We’re going to walk through how to create an R data frame from scratch.
This article continues the examples started in our data frame tutorial. We’re using the ChickWeight data frame example which is included in the standard R distribution. You can easily get to this by typing: data(ChickWeight) in the R console. This data frame captures the weight of chickens that were fed different diets over a period of 21 days. If you can imagine someone walking around a research farm with a clipboard for an agricultural experiment, you’ve got the right idea….
This series has a couple of parts – feel free to skip ahead to the most relevant parts.
- Inspecting your data
- Ways to Select a Subset of Data From an R Data Frame
- How To Create an R Data Frame
- How To Sort an R Data Frame
- How to Add and Remove Columns
- Renaming Columns
- How To Add and Remove Rows
- How to Merge Two Data Frames
Creating Your Own Data Frames
Continuing the example in our r data frame tutorial, we have three attributes in the original example that we might be able to enrich with a little additional data.
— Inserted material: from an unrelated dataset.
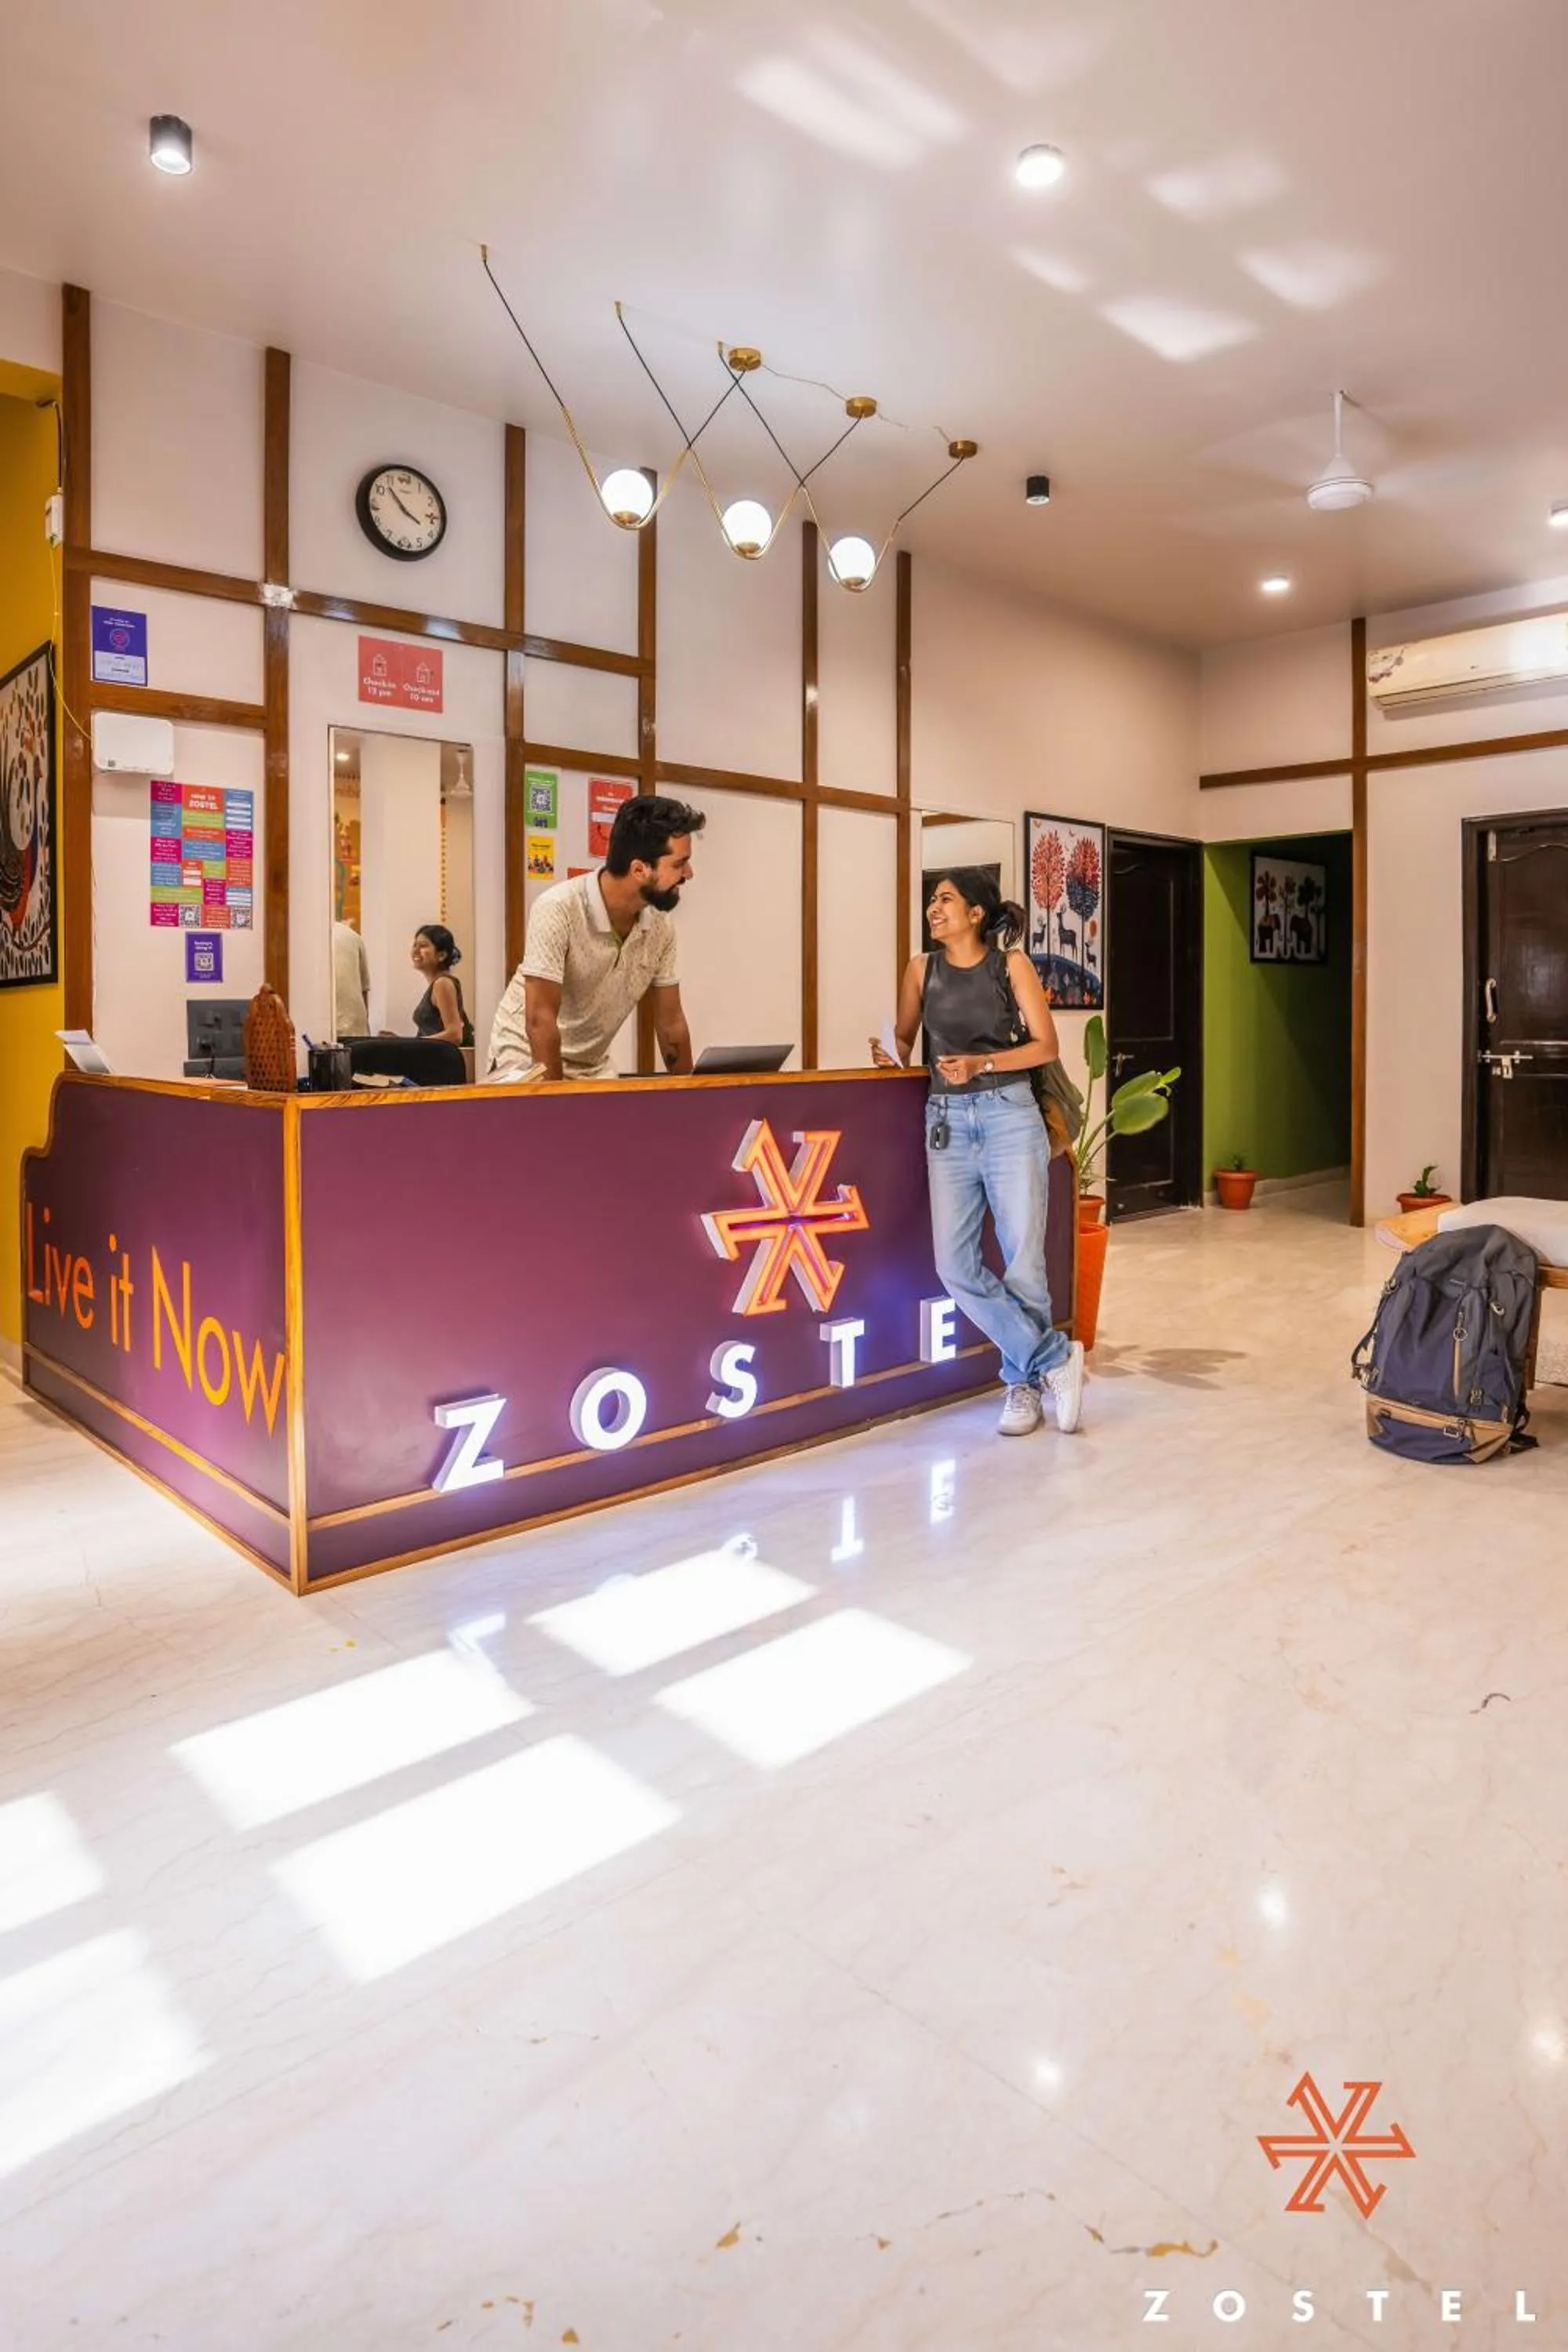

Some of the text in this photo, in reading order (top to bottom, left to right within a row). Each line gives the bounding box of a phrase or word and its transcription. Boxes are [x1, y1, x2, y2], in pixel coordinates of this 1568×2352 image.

[27, 1202, 285, 1438] Live it Now
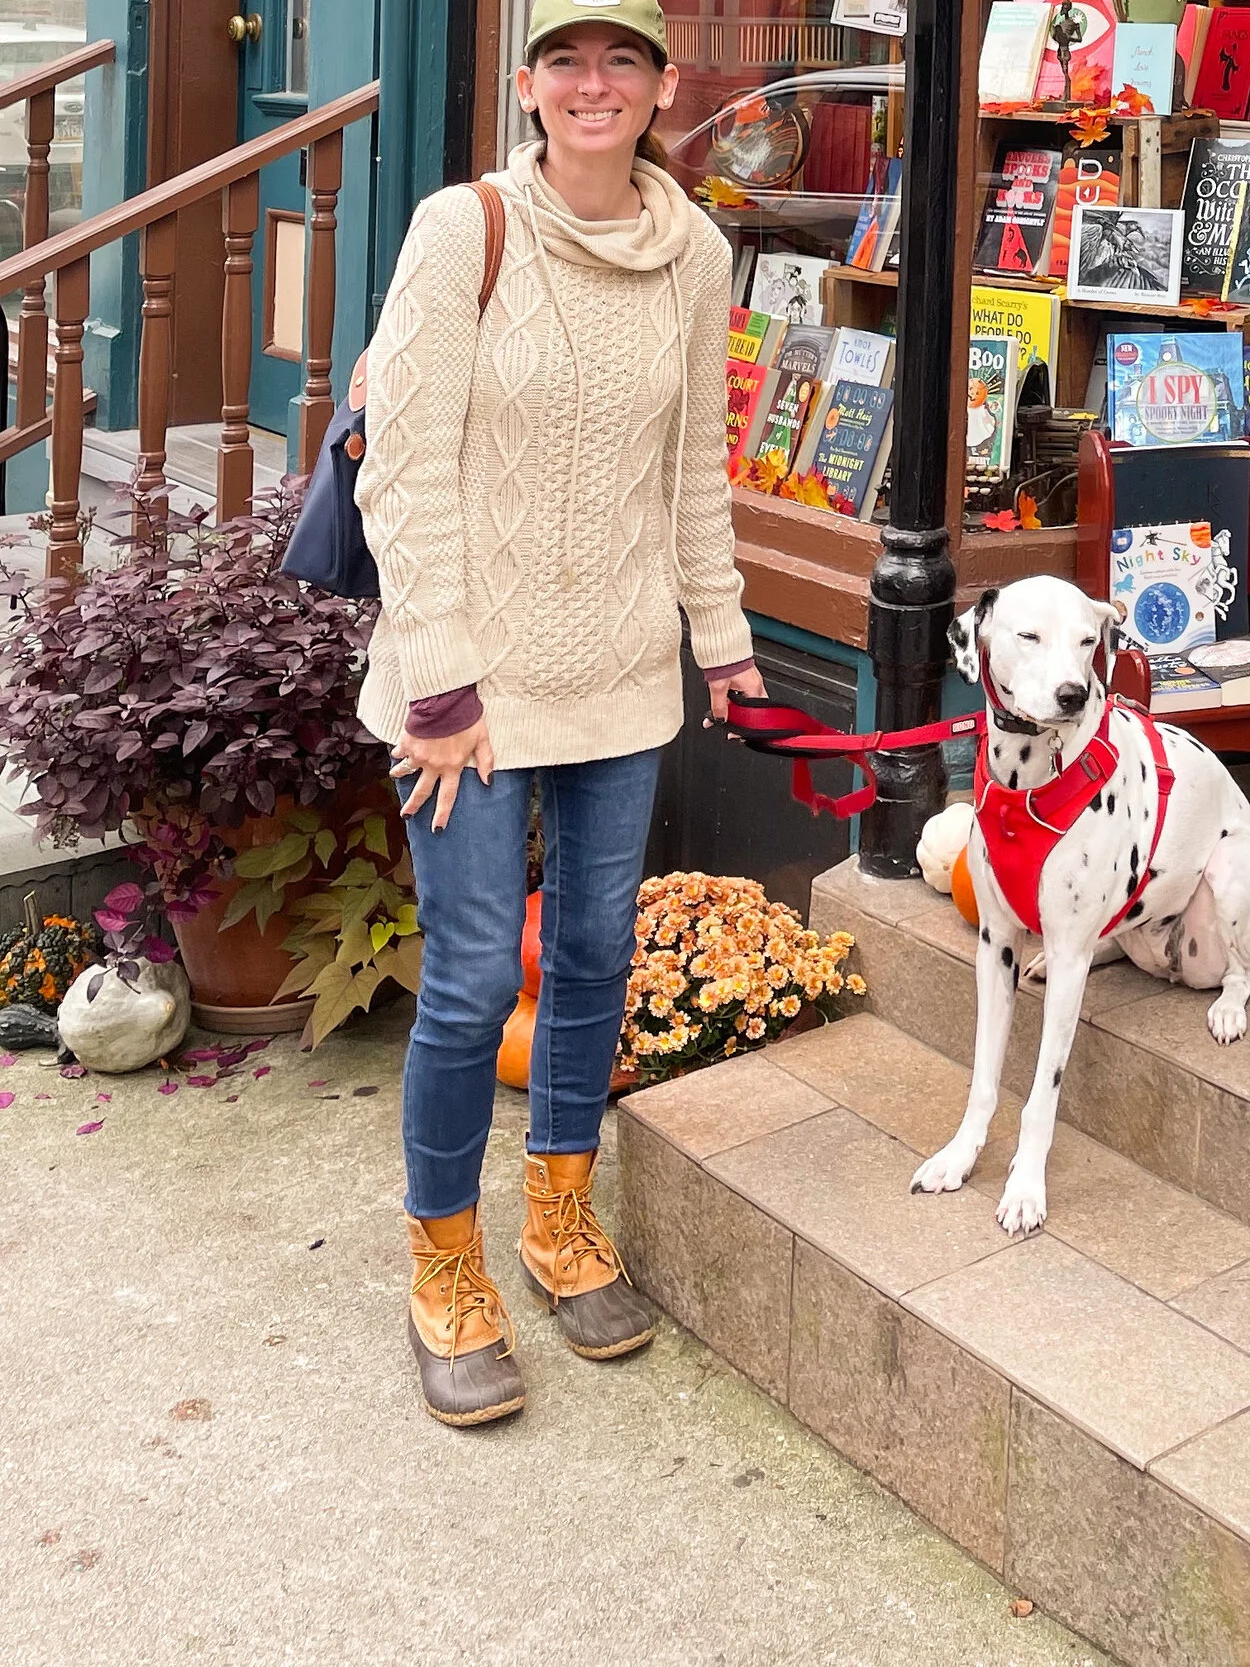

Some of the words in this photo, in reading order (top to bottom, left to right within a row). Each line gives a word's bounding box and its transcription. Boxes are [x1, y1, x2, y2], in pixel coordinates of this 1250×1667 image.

In addition to their weight, we know three things about the chicken measurements.
- Their Diet – 4 possible factors – perhaps we can group the diets further
- The Chick # – There are 50 chickens, perhaps they have something in common such as breed or parents
- Time – date of measurement, perhaps there were things going on that we can use to segment the data
Lets start by creating a data frame to expand on what we know about the diet.
Creating Our First R data Frame
A R data frame is composed of “vectors”, an R data type that represents an ordered list of values. In the case of the diet, we know there are several nutrients inside each of the 4 diet variations the chickens were fed.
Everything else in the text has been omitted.